> **What you need to do**
The whole listing is to be given again without alteration, except that its pictures are dropped.

:: Record extracts

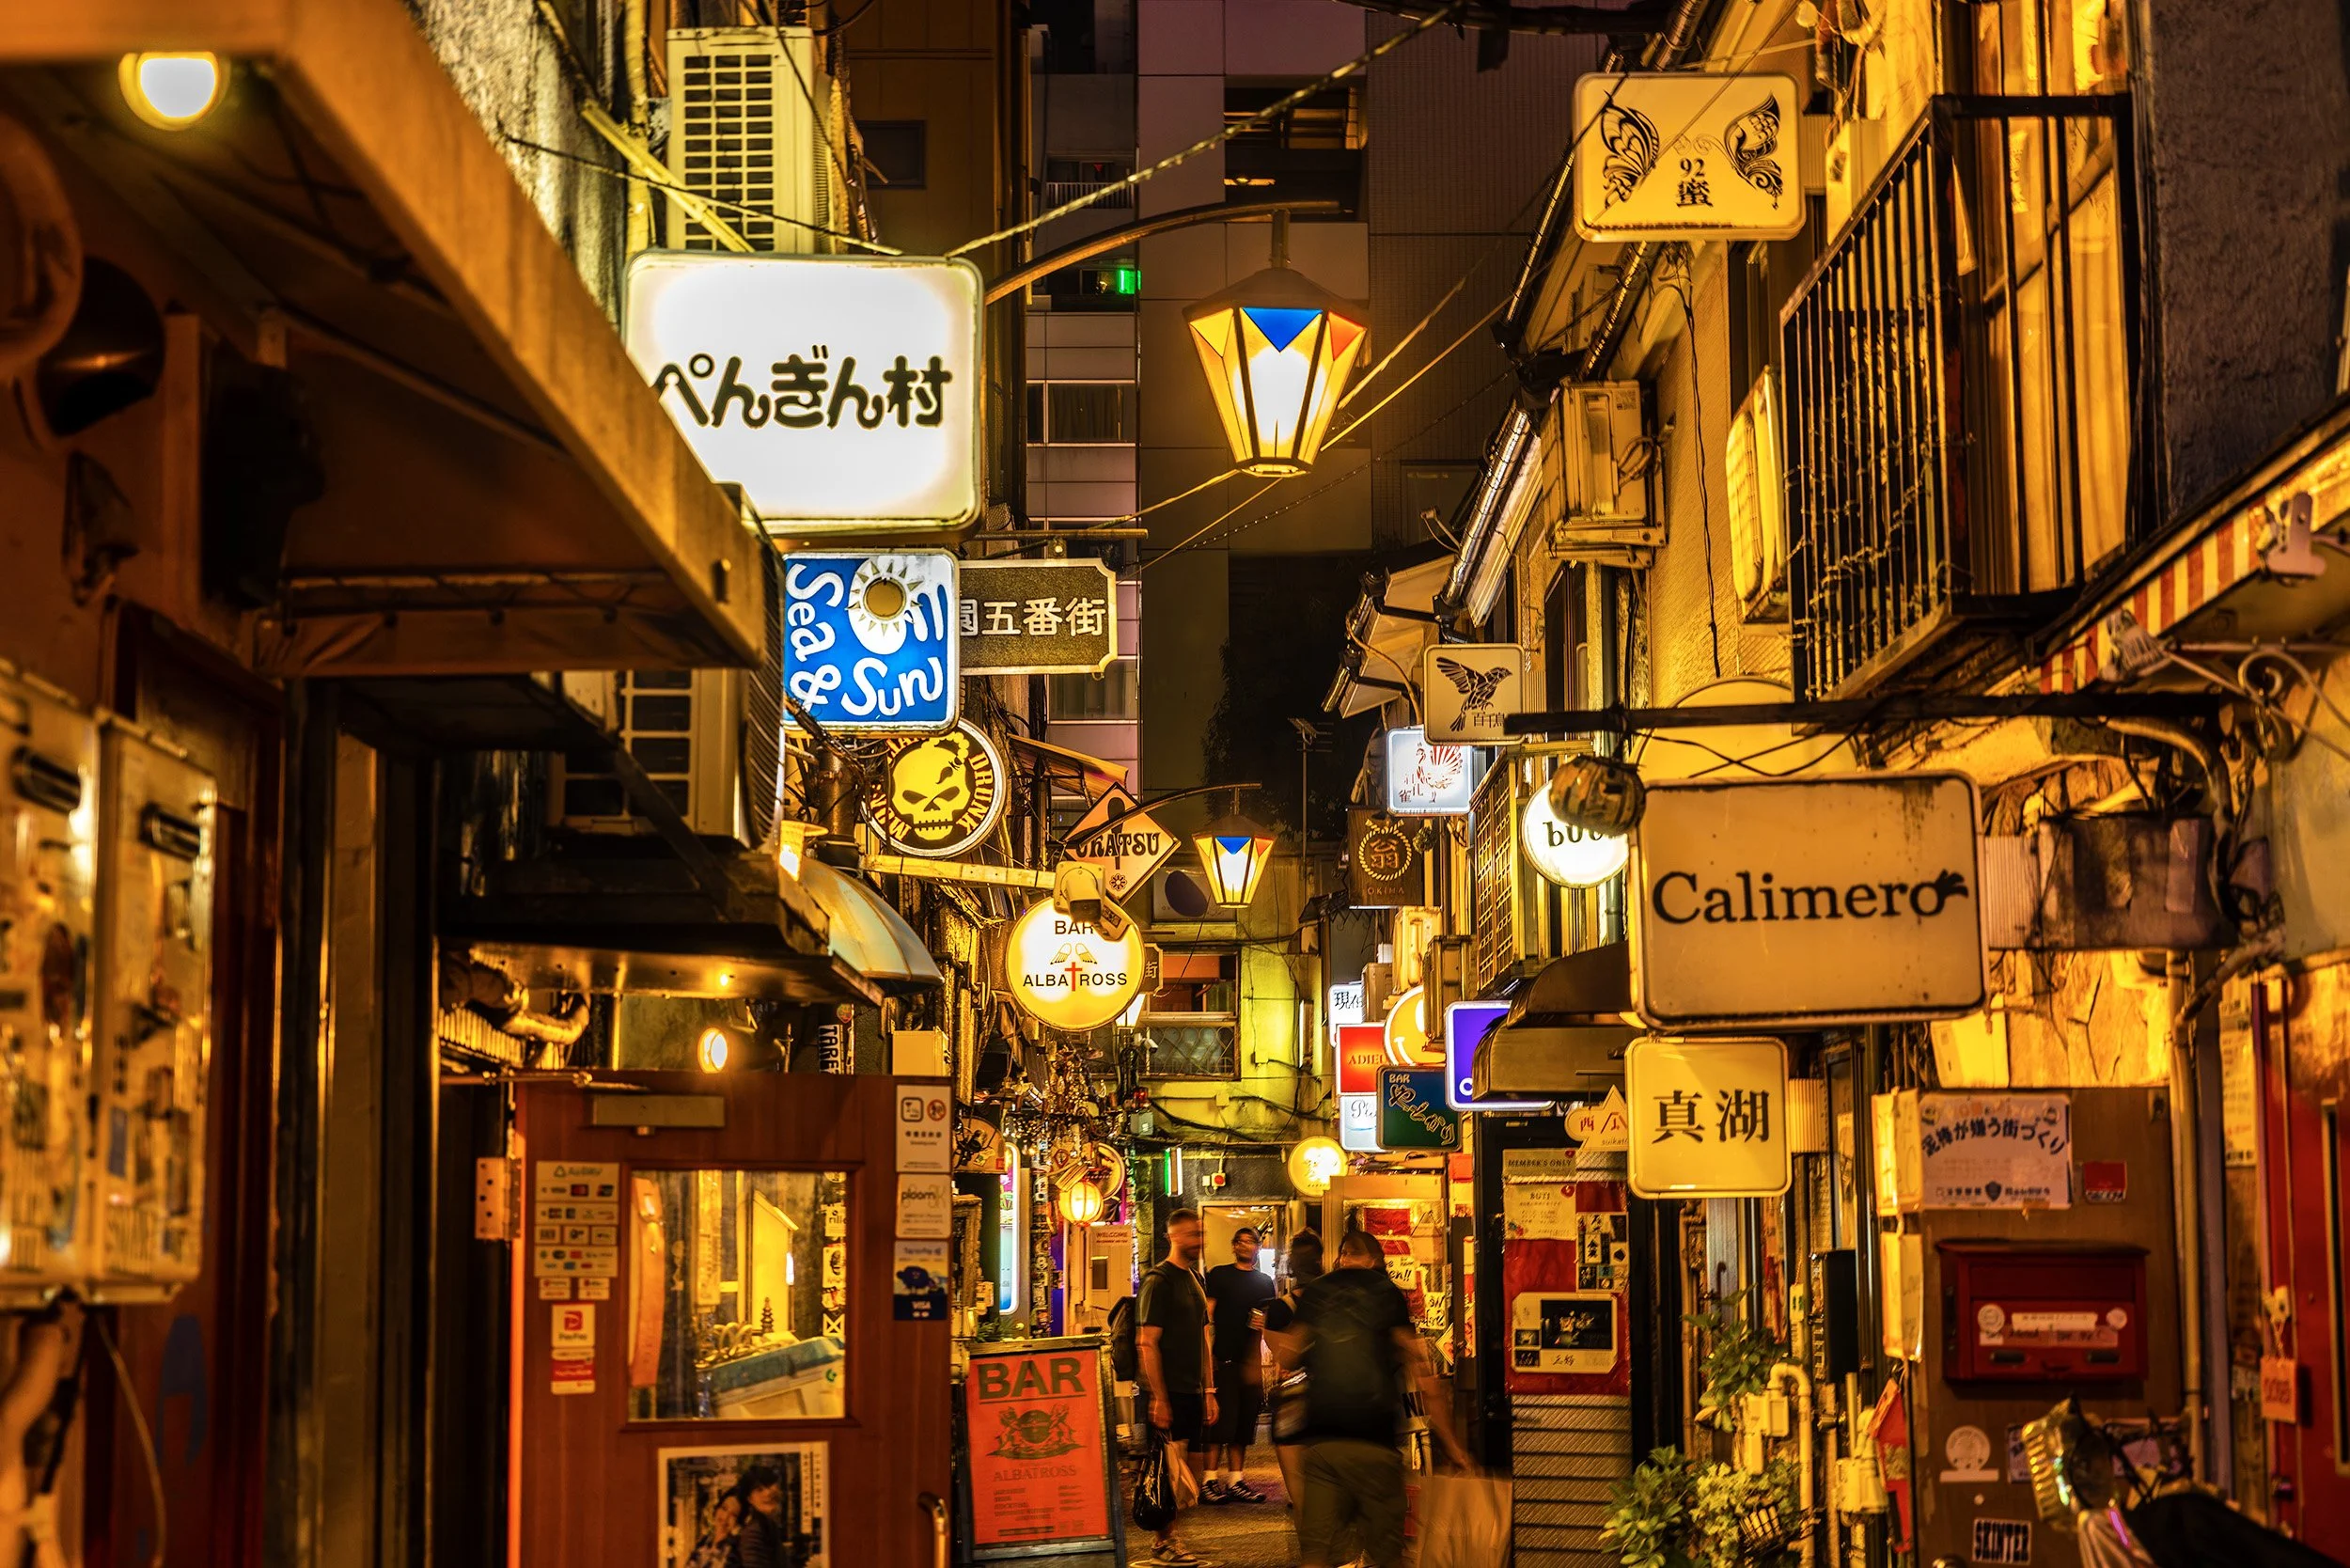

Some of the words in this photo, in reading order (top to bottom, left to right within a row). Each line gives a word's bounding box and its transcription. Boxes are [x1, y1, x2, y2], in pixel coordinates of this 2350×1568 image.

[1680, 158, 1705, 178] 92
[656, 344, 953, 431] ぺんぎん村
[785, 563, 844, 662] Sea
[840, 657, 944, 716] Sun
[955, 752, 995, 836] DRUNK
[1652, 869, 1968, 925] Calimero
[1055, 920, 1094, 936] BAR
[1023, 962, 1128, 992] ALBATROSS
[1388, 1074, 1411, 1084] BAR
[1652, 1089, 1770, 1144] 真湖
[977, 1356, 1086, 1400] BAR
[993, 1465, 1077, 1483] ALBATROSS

::::

> **Your solution**
Some of the words in this photo, in reading order (top to bottom, left to right within a row). Each line gives a word's bounding box and its transcription. Boxes are [x1, y1, x2, y2], in pixel coordinates of this 2350×1568 image.

[1680, 158, 1705, 178] 92
[656, 344, 953, 431] ぺんぎん村
[785, 563, 844, 662] Sea
[840, 657, 944, 716] Sun
[955, 752, 995, 836] DRUNK
[1652, 869, 1968, 925] Calimero
[1055, 920, 1094, 936] BAR
[1023, 962, 1128, 992] ALBATROSS
[1388, 1074, 1411, 1084] BAR
[1652, 1089, 1770, 1144] 真湖
[977, 1356, 1086, 1400] BAR
[993, 1465, 1077, 1483] ALBATROSS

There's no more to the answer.